Icarus is a session-based survival video game by developer RocketWerkz. Created by Dean Hall, it was released on 4 December 2021 for Windows on the Steam platform.

== Setting and plot ==
The game takes place on the fictional planet of Icarus, located roughly four light years from Earth. The planet was the site of an attempted terraforming procedure, however unforeseen complications arose from exotic materials present on Icarus. These exotic materials cause the terraforming process to fail and leave the planet uninhabitable to humans. The process does however make the planet home to a viable ecosystem composed of genetically modified flora and fauna. Players take on the role of an explorer sent to explore the planet, retrieve scientific samples, and eventually gather exotic materials for eventual sale on Earth.

== Gameplay ==
Icarus is a session-based survival game for up to 8 co-op players or solo players, where most gameplay occurs during timed missions. Players accept contracts for missions on a space station orbiting the planet, and drop down to its terrain to attempt the objectives. Once a mission timer is complete, the drop-pod returns to the station. If the player fails to return in time, their character’s body is left on the surface and their progress is lost.
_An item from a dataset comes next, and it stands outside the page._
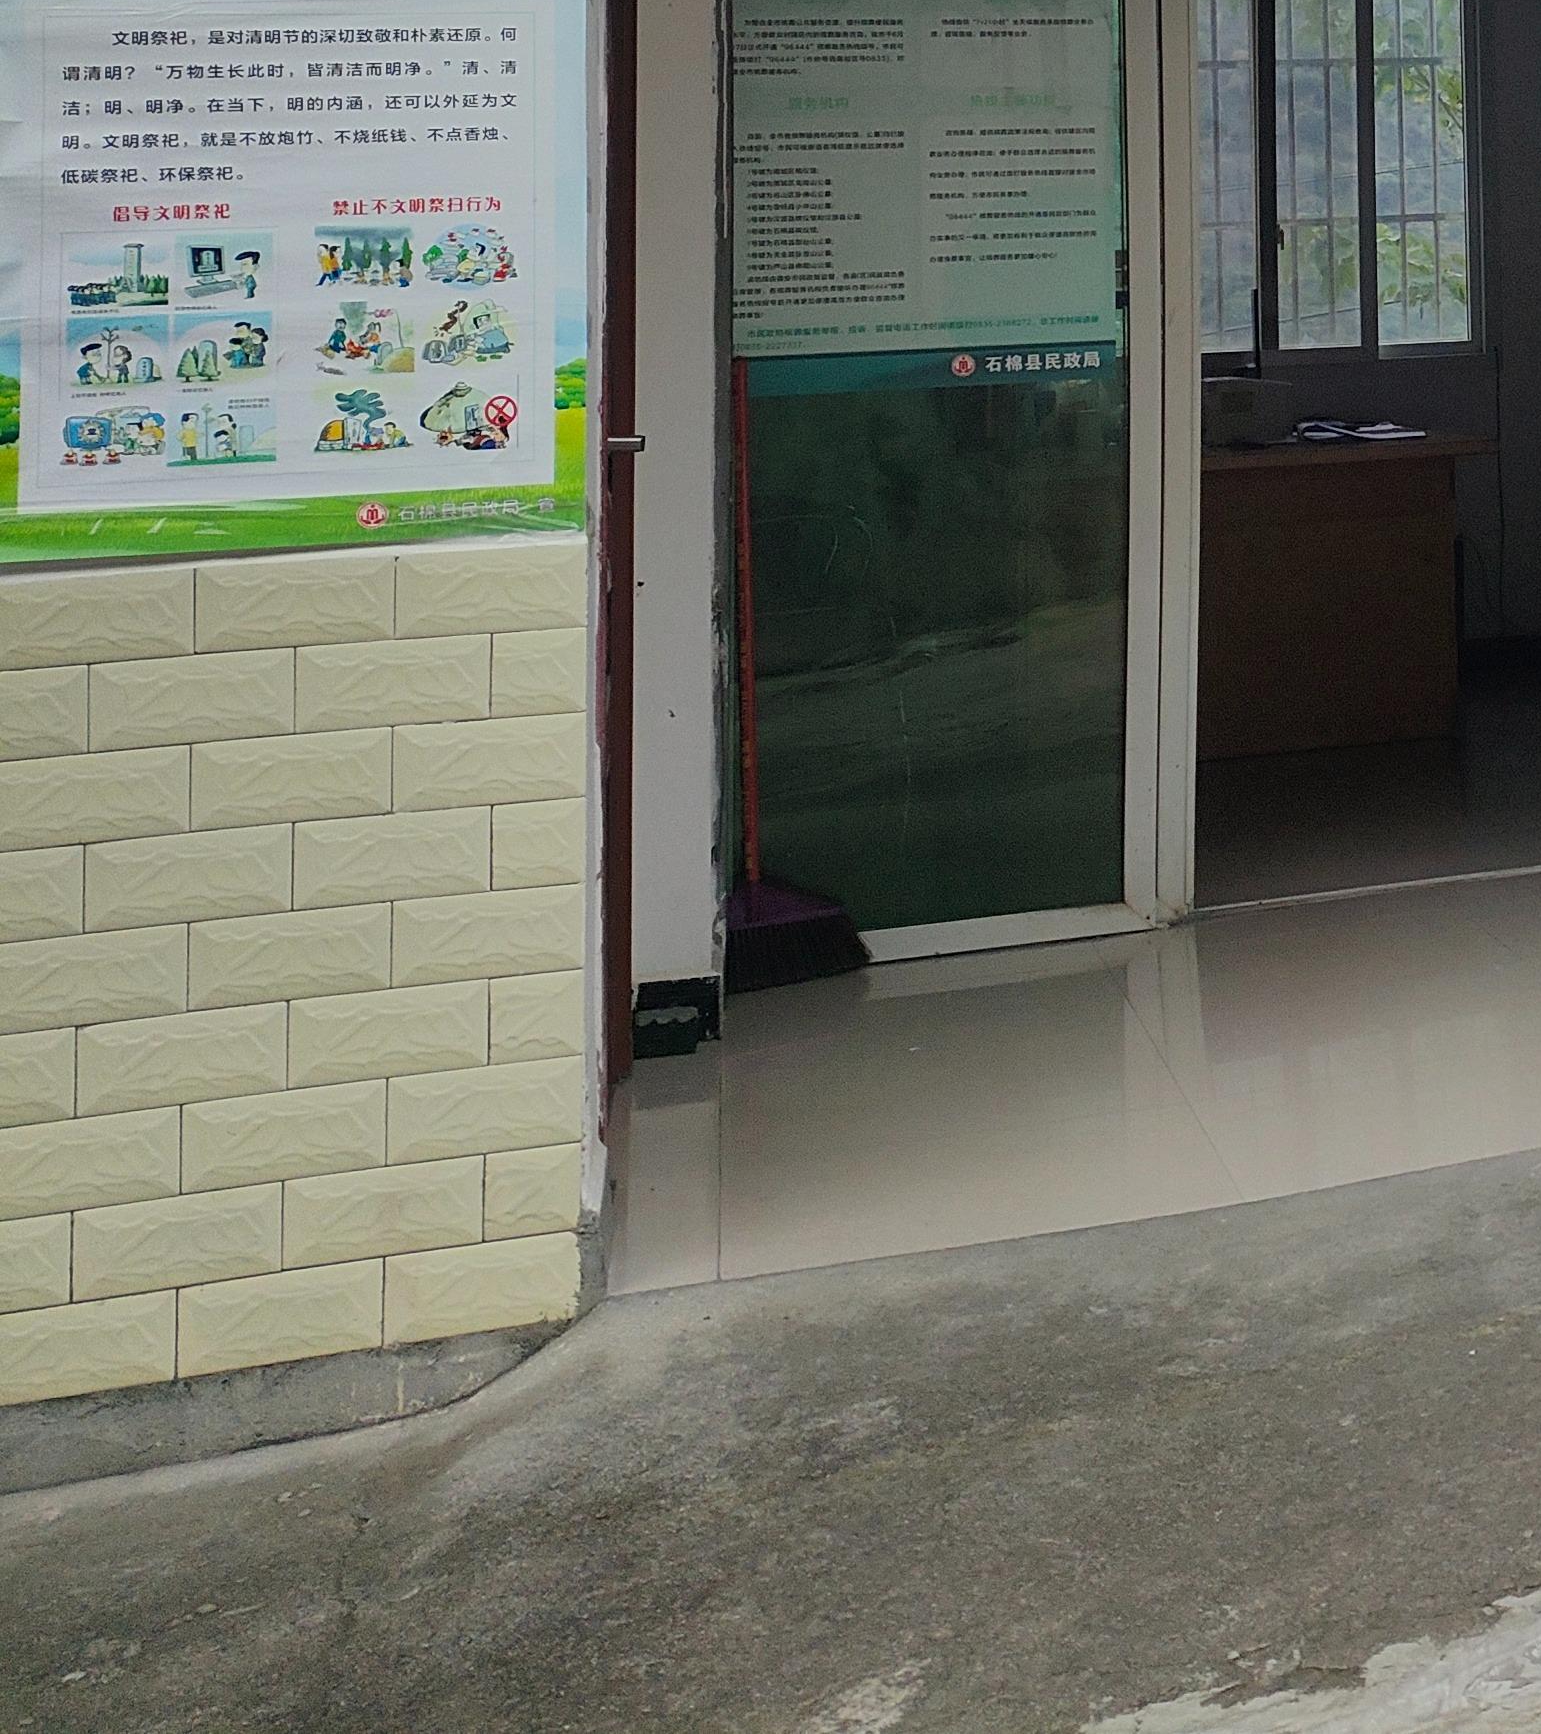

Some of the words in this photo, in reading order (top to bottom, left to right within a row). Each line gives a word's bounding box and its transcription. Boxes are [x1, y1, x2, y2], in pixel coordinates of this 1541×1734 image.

To survive while on the surface, players must gather oxygen, food, and water, while also finding temporary shelter from the hostile environment. Eventually the player will be able to construct increasingly advanced structures and tools. Players have the usual health and stamina bars, which can be depleted by taking damage or by performing tasks like sprinting, gathering, and fighting. Genetically modified wildlife on the planet is often hostile, and a variety of storms also pose dangers to the player and their structures. Players who do not seek shelter from storms suffer movement and stamina debuffs, and spending too much time in certain storms will deplete health. Weather events will also damage and occasionally set fire to player built structures.

Elements of the game world are persistent, such as the locations of caves and lakes; others are procedurally generated, including the mineral formations found in said caves. The scope of the playable map also varies between missions. Nothing the player does or builds persists on the surface between missions.
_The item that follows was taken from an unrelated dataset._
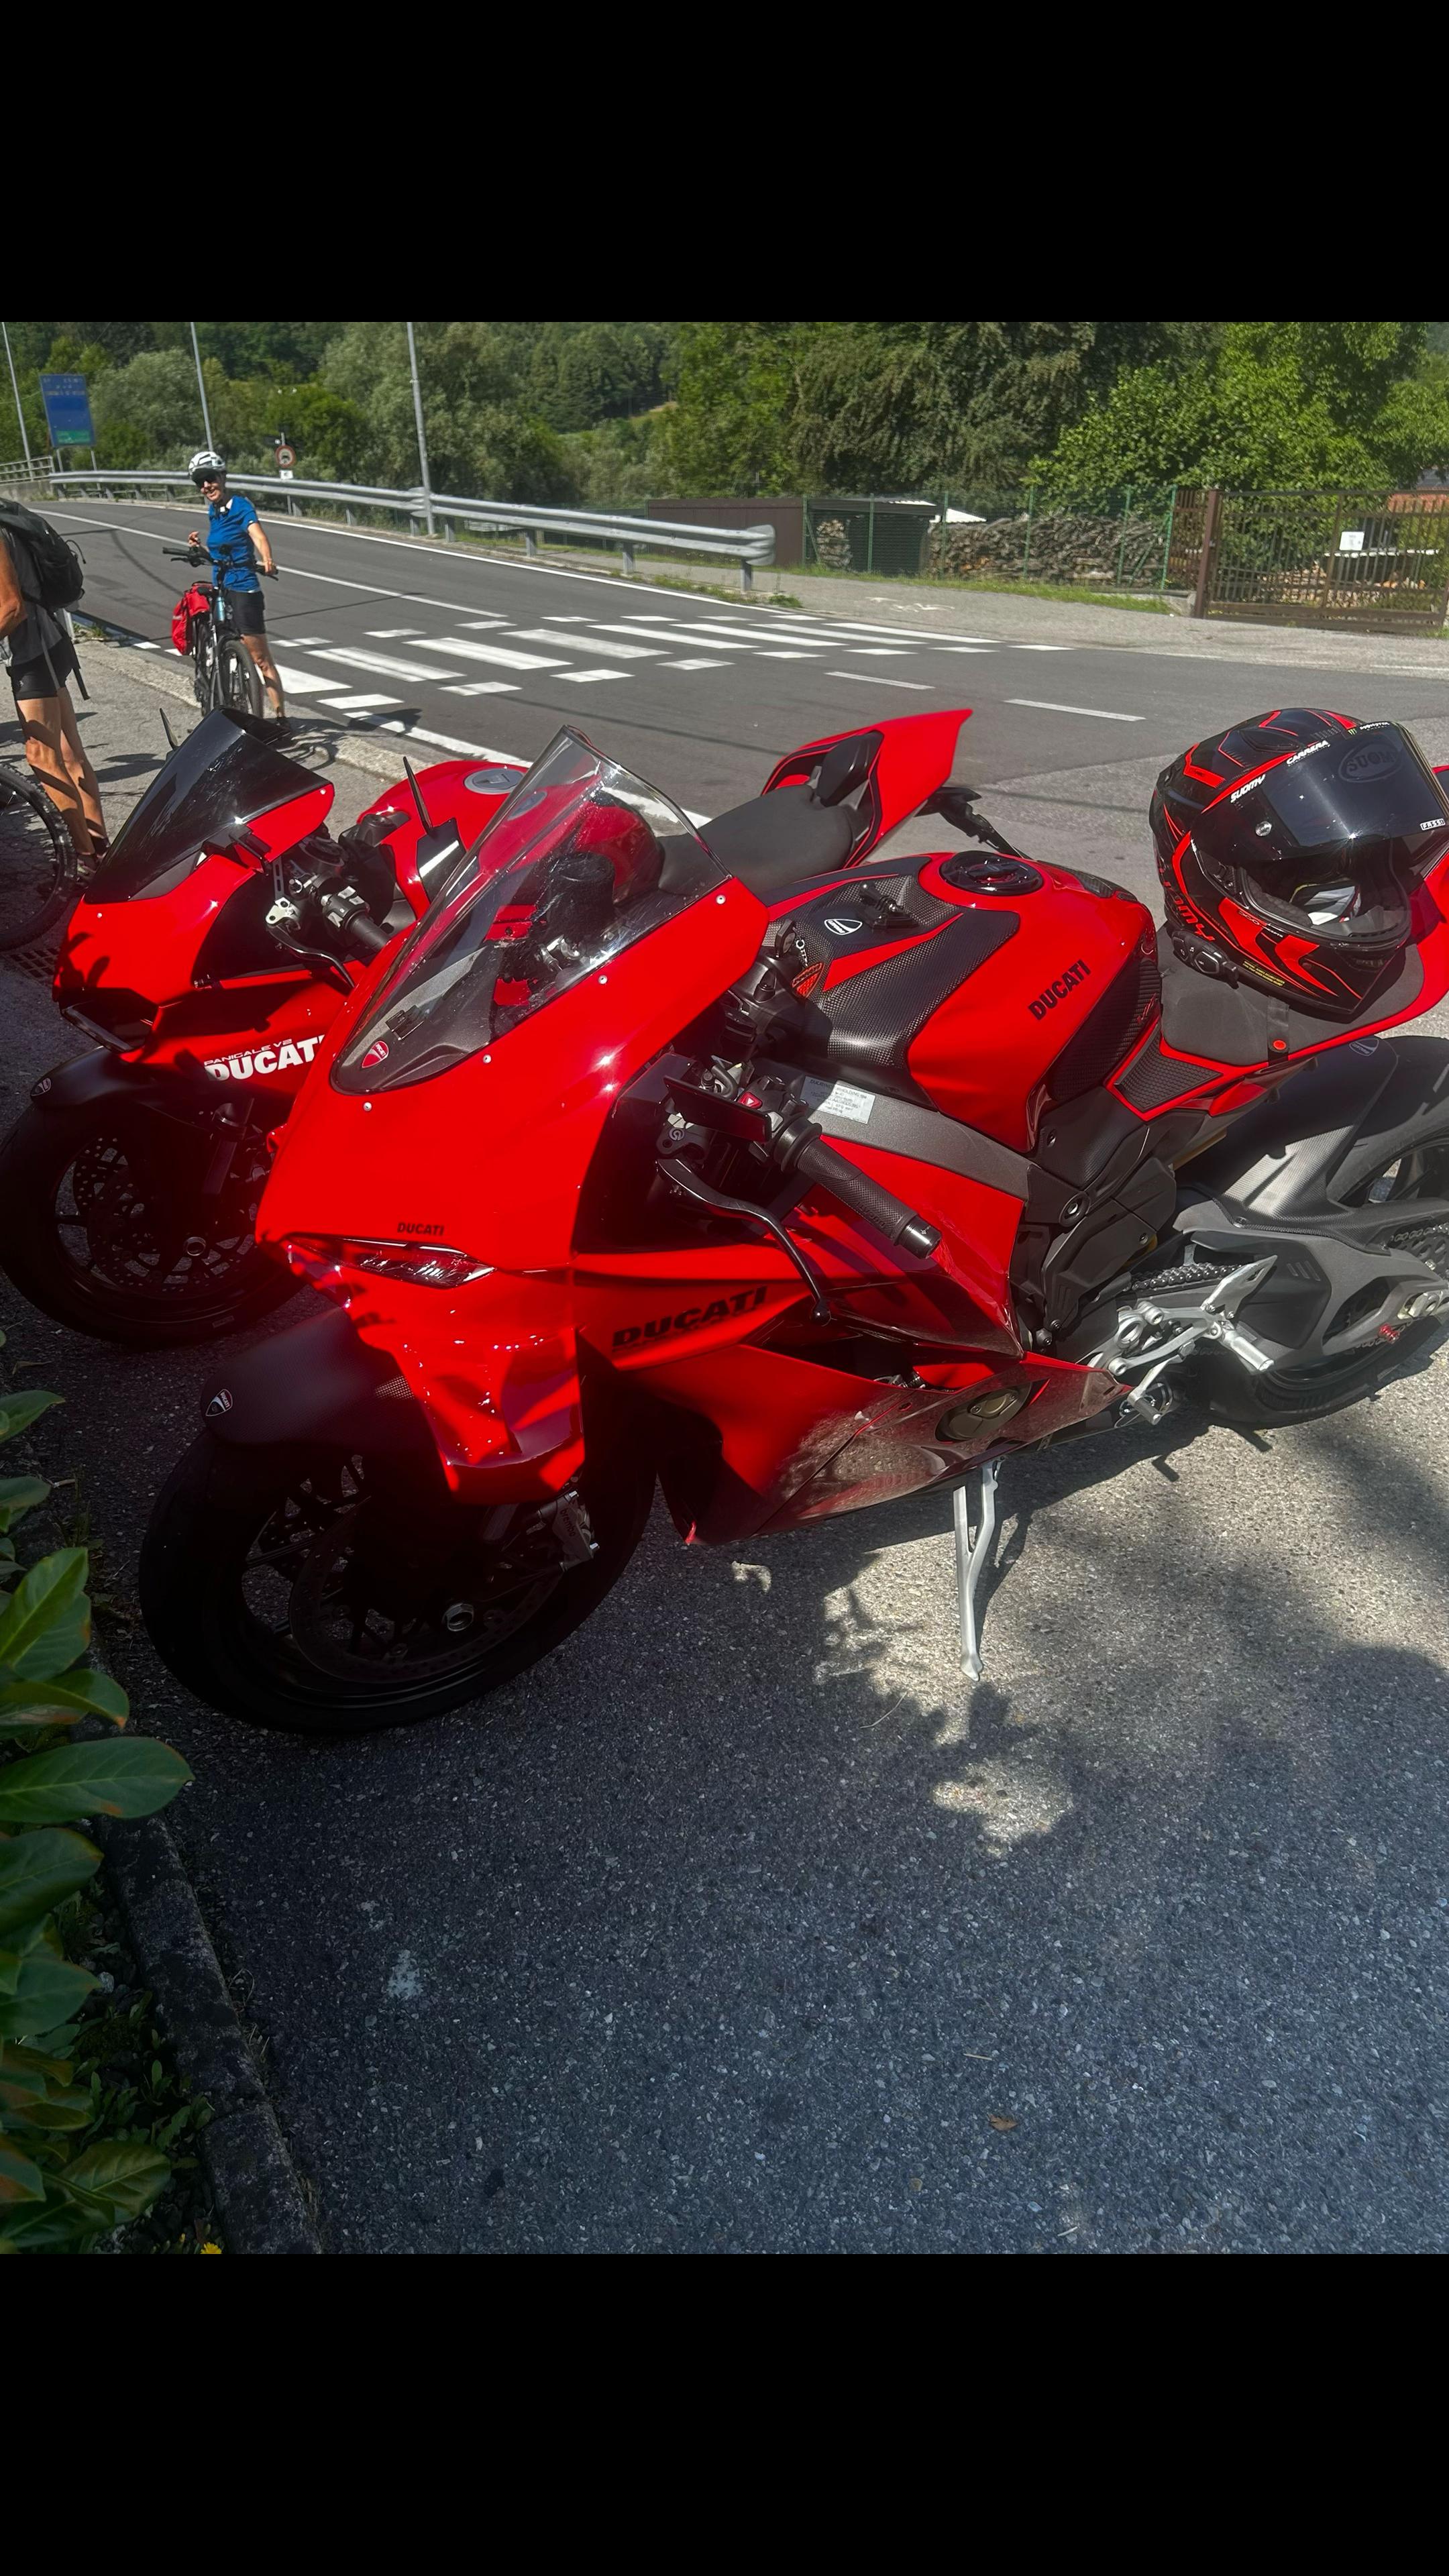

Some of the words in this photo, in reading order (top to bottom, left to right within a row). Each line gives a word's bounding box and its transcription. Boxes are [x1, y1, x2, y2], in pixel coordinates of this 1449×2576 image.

Initially, the player is supplied with nothing except an exposure suit, and they must harvest materials essential to survival. As they progress, their character can unlock talents that improve their abilities, and access crafting blueprints that enable more advanced tools, weapons, and materials. On subsequent missions they retain their talents and blueprints, but begin most missions with little in the way of material supplies.

== Development ==
Hall and his team at RocketWerkz began development of Icarus in their New Zealand studio in 2018, and announced Icarus on 13 June 2021 at the PC Gaming Show. In interviews, Hall suggested the survival genre he helped pioneer with DayZ still held his interest. He also indicated the survival games face limitations in how they challenge players and introduce new content and concepts.

Initially planned as a free-to-play game, RocketWerkz made the decision in June 2021 to release Icarus in chapters, with a fixed price for each installment.

== Console Edition ==

Console Edition announcement trailer

A console version of Icarus, titled Icarus: Console Edition, was released for PlayStation 5 and Xbox Series X/S on March 26, 2026. The game was adapted for consoles by Grip Studios, featuring a controller focused control format and interface adjustments. The console release includes the base game alongside the New Frontiers expansion, expanding the playable world and available missions. The port was delayed from its initially planned February 2026 release to allow for additional polishing. The console edition does not support cross play, meaning PC edition and Console edition players cannot join games together, nor can console players on Xbox Series X and Series S or PlayStation 5 join each other.